Dmitri Medvedev, l'un des alliés historiques de Vladimir Poutine, a révélé mardi que l'un des objectifs du Kremlin à travers l'invasion de l'Ukraine est de « construire une Eurasie ouverte, de Lisbonne à Vladivostok », en référence à l'extrême ouest du Vieux Continent (au Portugal) et à une ville à l'extrême est russe, près de la Chine et de la Corée du Nord.
Le vice-président du Conseil national de sécurité russe est l'un des hommes politiques les plus dignes de confiance du président russe. Non seulement il a été premier ministre de 2012 à 2020, mais le président lui a également délégué le pouvoir entre 2008 et 2012, date à laquelle il ne pouvait pas briguer un troisième mandat consécutif.
Dans un long message sur Telegram, Medvedev a réitéré que la mission de la Russie en Ukraine consiste à « démilitariser et dénazir » le pays, des tâches qui « ne sont pas exécutées du jour au lendemain » et qui « ne seront pas uniquement résolues sur le champ de bataille ». Comme il l'a expliqué, il est nécessaire de changer « la conscience sanglante pleine de faux mythes » d'une partie des Ukrainiens. Et il a conclu avec un plan beaucoup plus large, aux connotations impérialistes : « L'objectif est la paix pour les générations futures d'Ukrainiens et la possibilité de construire enfin une Eurasie ouverte, de Lisbonne à Vladivostok ».
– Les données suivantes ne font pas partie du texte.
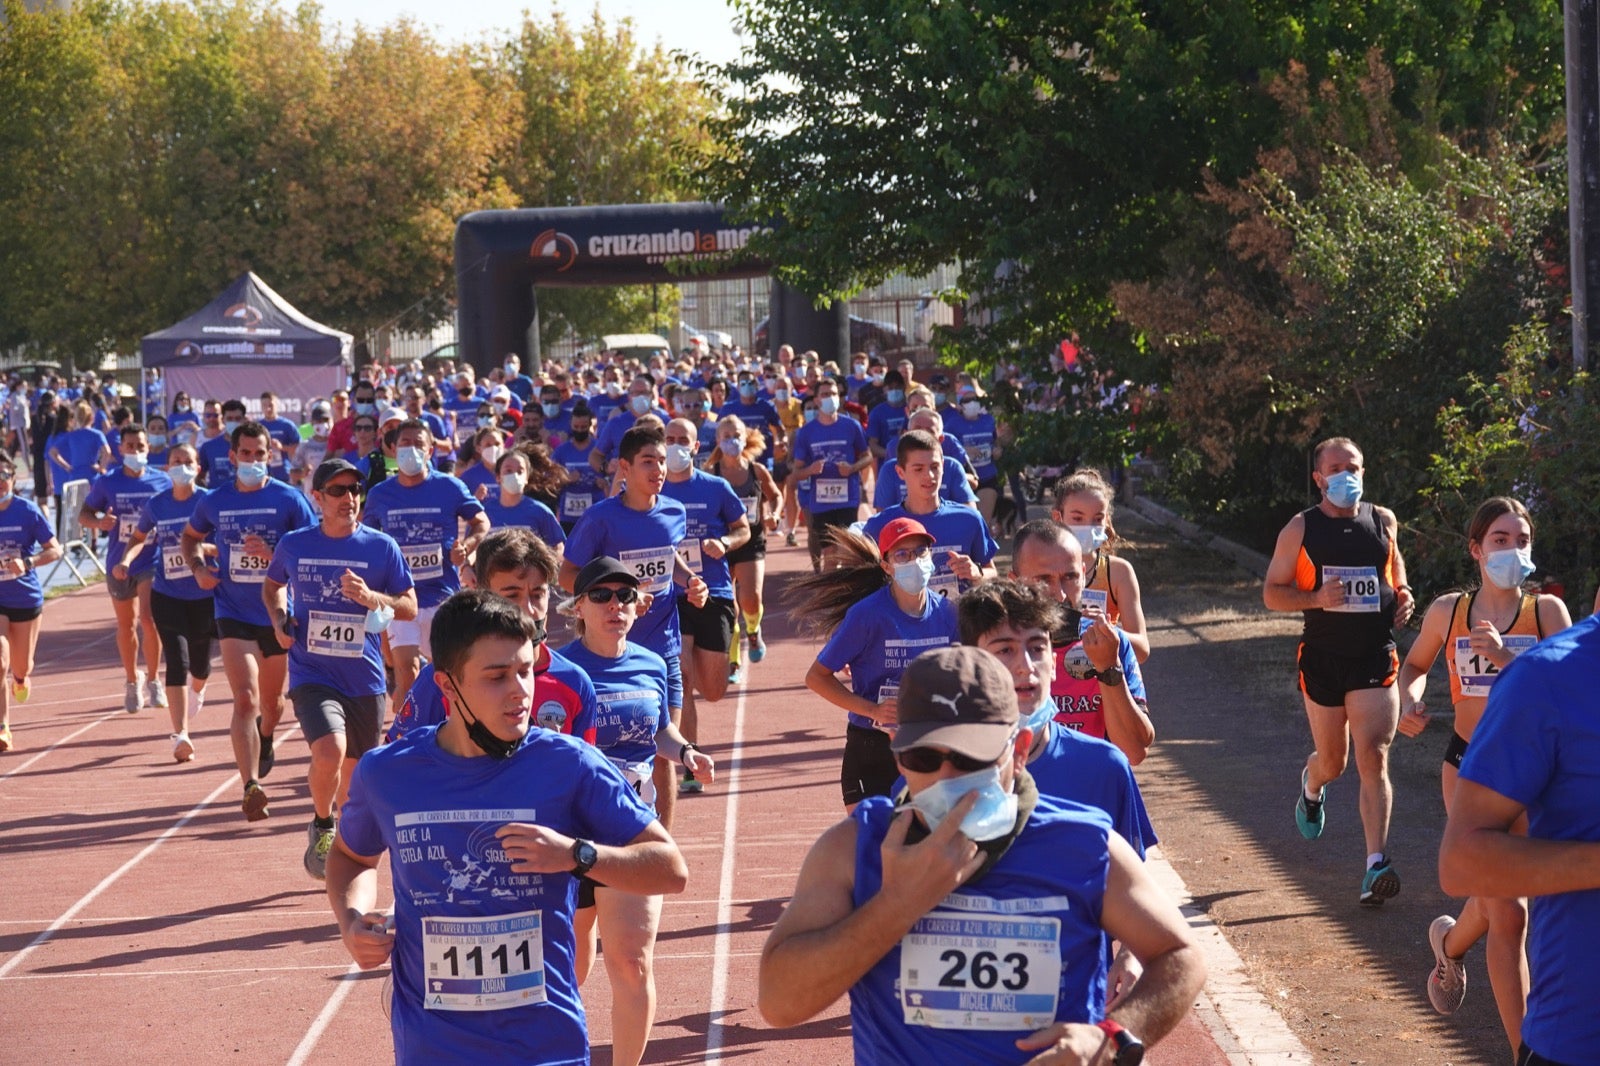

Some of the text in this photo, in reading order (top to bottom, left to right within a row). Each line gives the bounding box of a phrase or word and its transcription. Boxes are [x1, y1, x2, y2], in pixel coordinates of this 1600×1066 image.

[588, 226, 774, 257] cruzandolame
[824, 486, 842, 495] 157
[240, 556, 269, 569] 539
[635, 560, 666, 578] 365
[320, 625, 355, 642] 410
[426, 812, 451, 821] CARRERA
[453, 811, 466, 821] AZUL
[469, 811, 480, 820] POR
[481, 811, 489, 820] EL
[491, 810, 516, 820] AUTISMO
[396, 827, 431, 844] VUELVE LA
[427, 845, 448, 861] AZUL
[431, 917, 534, 933] VI CARRERA AZUL POR EL AUTISMO
[926, 919, 961, 933] CARRERA
[964, 921, 984, 934] AZUL
[987, 922, 1004, 935] POR
[1006, 923, 1015, 936] EL
[1019, 923, 1051, 937] AUTISMO
[443, 939, 530, 976] 1111
[938, 949, 1029, 991] 263
[959, 993, 988, 1011] MIGUEL
Son message portait principalement sur le démenti des accusations de Kiev, à la suite de la propagation des ravages à Bucha à la suite du retrait des troupes russes. Les médias internationaux, dont Infobae, ont été témoins de la façon dont les corps de civils ont été abandonnés dans la ville.
Medvedev n'a pas modifié sa rhétorique : « Le côté passionné des Ukrainiens prie pour le Troisième Reich depuis 30 ans. Littéralement. Le dégoût est suscité par des photos dans lesquelles des symboles nazis - drapeaux, littérature, affiches - se trouvent dans presque toutes les unités militaires ukrainiennes prises par notre armée. Même des tasses avec des croix gammées ! Il ne s'agit pas d'un jeu d'esthétique fasciste, comme veulent nous le montrer les Occidentaux. C'est une idéologie », a déclaré le haut responsable. Comme il l'a prévenu, « l'opération spéciale actuelle leur servira de leçon ».
À la nouvelle de possibles crimes de guerre, Medvedev les a qualifiés de « remaniés de plus en plus délirants », dans le cadre d'une « fausse machine de Kiev » qui cherche à « déshumaniser la Russie et à la dénigrer au maximum ». Il a même accusé les militaires ukrainiens eux-mêmes d'avoir tué la population civile.